Prostaglandin D2-MOX ELISA Kit – 480 solid wells

Prostaglandin D2 (PGD2) is biosynthesized in the brain by a soluble, 26 kD glutathione-independent lipocalin-type PGD2 synthase.{1665} PGD2 accumulates in the cerebrospinal fluid (CSF), where it induces physiologic sleep in rats and humans.{1331} PGD2 is also synthesized by mast cells and leukocytes by a cellular, myeloid-type, glutathione-dependent PGD synthase.
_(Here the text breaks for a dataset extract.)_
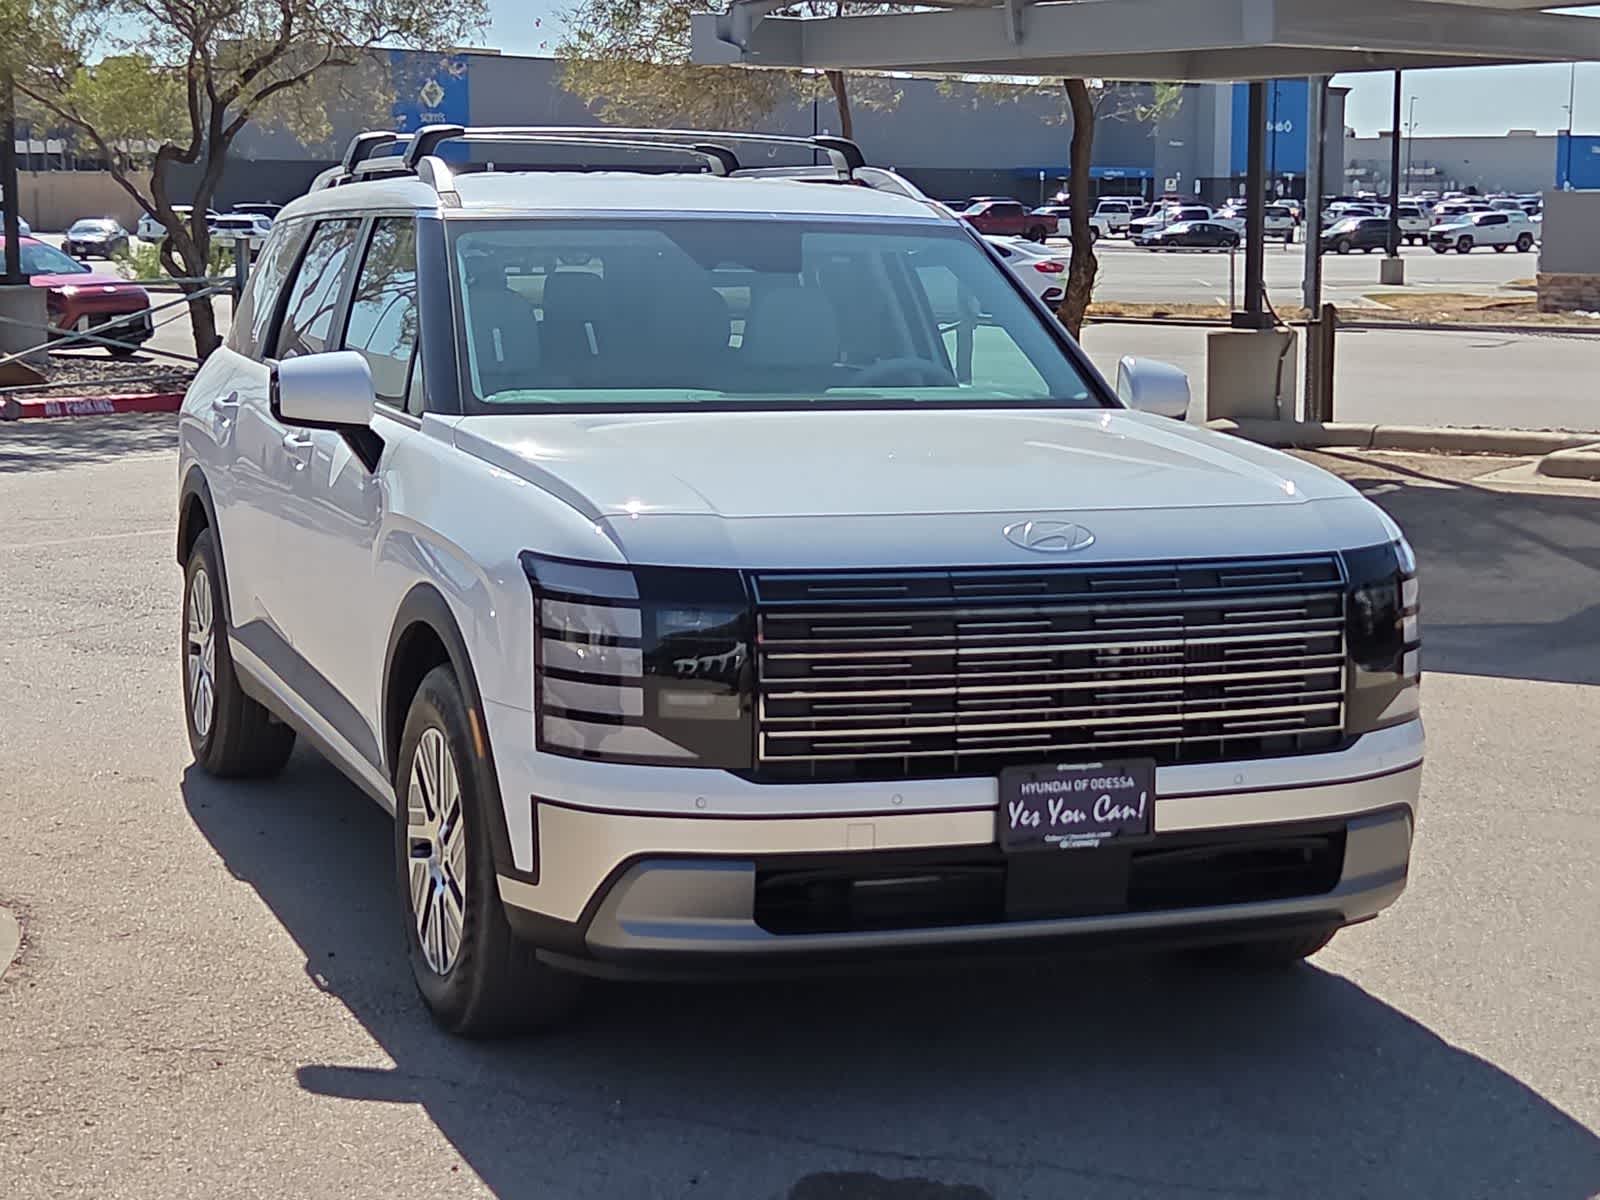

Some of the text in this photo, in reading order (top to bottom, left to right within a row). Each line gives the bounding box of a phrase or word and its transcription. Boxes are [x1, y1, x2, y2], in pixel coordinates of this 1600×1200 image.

[1021, 776, 1135, 795] HYUNDAI OF ODESSA
[1008, 791, 1147, 829] Yes You Can!
This PGD2 which is formed in the intracellular and vascular compartments is rapidly metabolized to 11β-PGF2α.{416} Thus, urinary measurements of PGD synthesis are most appropriately focused on the measurement of 11β-PGF2α. Measurement of the parent eicosanoid PGD2 is appropriate in the supernatants of cell cultures, where PGD2 levels may reach several ng/ml, and in CSF, where concentrations of several hundred pg/ml have been measured.{6647} All studies of PGD2 biosynthesis should take into consideration the chemical instability of PGD2 and its rapid degradation in the presence of serum proteins such as albumin.{1742} PGD2 also readily degrades in both acidic and basic media to give a variety of decomposition products. Similarly, antigenic protein conjugates of PGD2, synthesized for the production of antisera, show considerable amounts of decomposition. Thus, the resulting antibody response is heterogeneous with poor specificity. This makes PGD2 assay systems based on the parent compound unreliable and difficult to interpret. This PGD2-MOX ELISA is based on the conversion of PGD2 to a stable MOX derivative. Treatment of the sample with methoxylamine hydrochloride (MOX HCl) converts PGD2 into PGD2-MOX, preventing its further chemical degradation. The antiserum used in the assay was developed using conjugates of this derivative and is very specific for PGD2-MOX. The assay has been validated against stable isotope dilution GC/MS. Measurements using both techniques on identical samples showed a correlation coefficient of 0.97.